There are a number of specialties in medicine that are pretty much off limits if you get a DO -- they match zero or maybe one DO candidate per year and have no DO residencies. My recommendation would be to try and fig a decent gig as a lawyer where you can take 1 or 2 classes at night so you are pulling in decent money, saving for school, and improving your GPA for three years or so. Also, the poster who commented about pre-reqs not helping you on the MCAT is dead wrong. Maybe at hypercompetitive schools, but at less competitive schools and community college, the curriculum will be more targeted and much of what you need to know for bio and gen chem will come straight from your classes and exams that test basic concepts. If you can make As in these classes, retaking them would be a good idea just prior to the MCAT. The MCAT will be more important for you given your GPA. An average MCAT probably won't cut it.

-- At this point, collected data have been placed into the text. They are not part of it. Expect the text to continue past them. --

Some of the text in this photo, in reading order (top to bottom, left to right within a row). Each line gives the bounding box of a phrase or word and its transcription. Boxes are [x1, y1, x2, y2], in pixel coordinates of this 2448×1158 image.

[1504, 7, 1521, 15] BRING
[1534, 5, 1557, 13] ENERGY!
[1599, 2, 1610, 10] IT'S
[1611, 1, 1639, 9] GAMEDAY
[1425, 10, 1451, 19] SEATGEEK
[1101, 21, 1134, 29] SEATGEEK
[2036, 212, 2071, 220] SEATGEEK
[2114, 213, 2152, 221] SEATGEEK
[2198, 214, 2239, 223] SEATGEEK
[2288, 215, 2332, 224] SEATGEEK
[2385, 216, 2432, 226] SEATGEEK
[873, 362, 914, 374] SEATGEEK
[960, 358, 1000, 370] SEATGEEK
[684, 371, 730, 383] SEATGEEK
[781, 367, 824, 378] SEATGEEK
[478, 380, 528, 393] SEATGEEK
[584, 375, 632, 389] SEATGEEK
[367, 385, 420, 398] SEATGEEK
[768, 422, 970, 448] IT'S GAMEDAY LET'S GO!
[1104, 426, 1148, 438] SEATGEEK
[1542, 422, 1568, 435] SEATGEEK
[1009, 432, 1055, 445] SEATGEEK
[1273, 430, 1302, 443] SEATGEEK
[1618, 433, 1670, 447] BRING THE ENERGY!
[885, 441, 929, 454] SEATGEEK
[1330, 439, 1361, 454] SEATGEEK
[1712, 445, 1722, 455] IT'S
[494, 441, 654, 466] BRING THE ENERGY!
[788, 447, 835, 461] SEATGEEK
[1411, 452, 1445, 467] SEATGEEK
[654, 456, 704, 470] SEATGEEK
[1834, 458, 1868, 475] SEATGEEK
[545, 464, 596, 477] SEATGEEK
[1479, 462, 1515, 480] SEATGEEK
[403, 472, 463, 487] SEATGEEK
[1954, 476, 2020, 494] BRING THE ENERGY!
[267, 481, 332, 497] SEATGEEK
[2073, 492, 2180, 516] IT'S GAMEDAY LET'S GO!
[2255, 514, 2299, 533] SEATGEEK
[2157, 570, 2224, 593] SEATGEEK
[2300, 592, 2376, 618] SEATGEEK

Wait I find that I must argue with you as we'll. Retaking the prerequisite coursework will not enhance the opportunity for a higher MCAT score, in fact as you stated an average MCAT probably won't cut it. The MCAT doesn't come out and ask how many ATP cellular respiration produces often... It's going to ask you to apply biochemical concepts to something else. If you have the prerequisites take upper division courses that expand on your knowledge, you'll have to bone up on the basics as you learn. If you are taking a test on addition and you are fluent at multiplication, you'll know what the question wants... The MCAT is about speed as much as it is content, if you're armed with the basics, sure you may deduce the correct answer but, if you're armed with the twist the question relies upon you're golden.

Besides, either will boost your GPA the same, it doesn't matter if you retake a 'C' and average it with an 'A' in the same course or an 'A' from a higher class... and, you'll be better prepared for the test.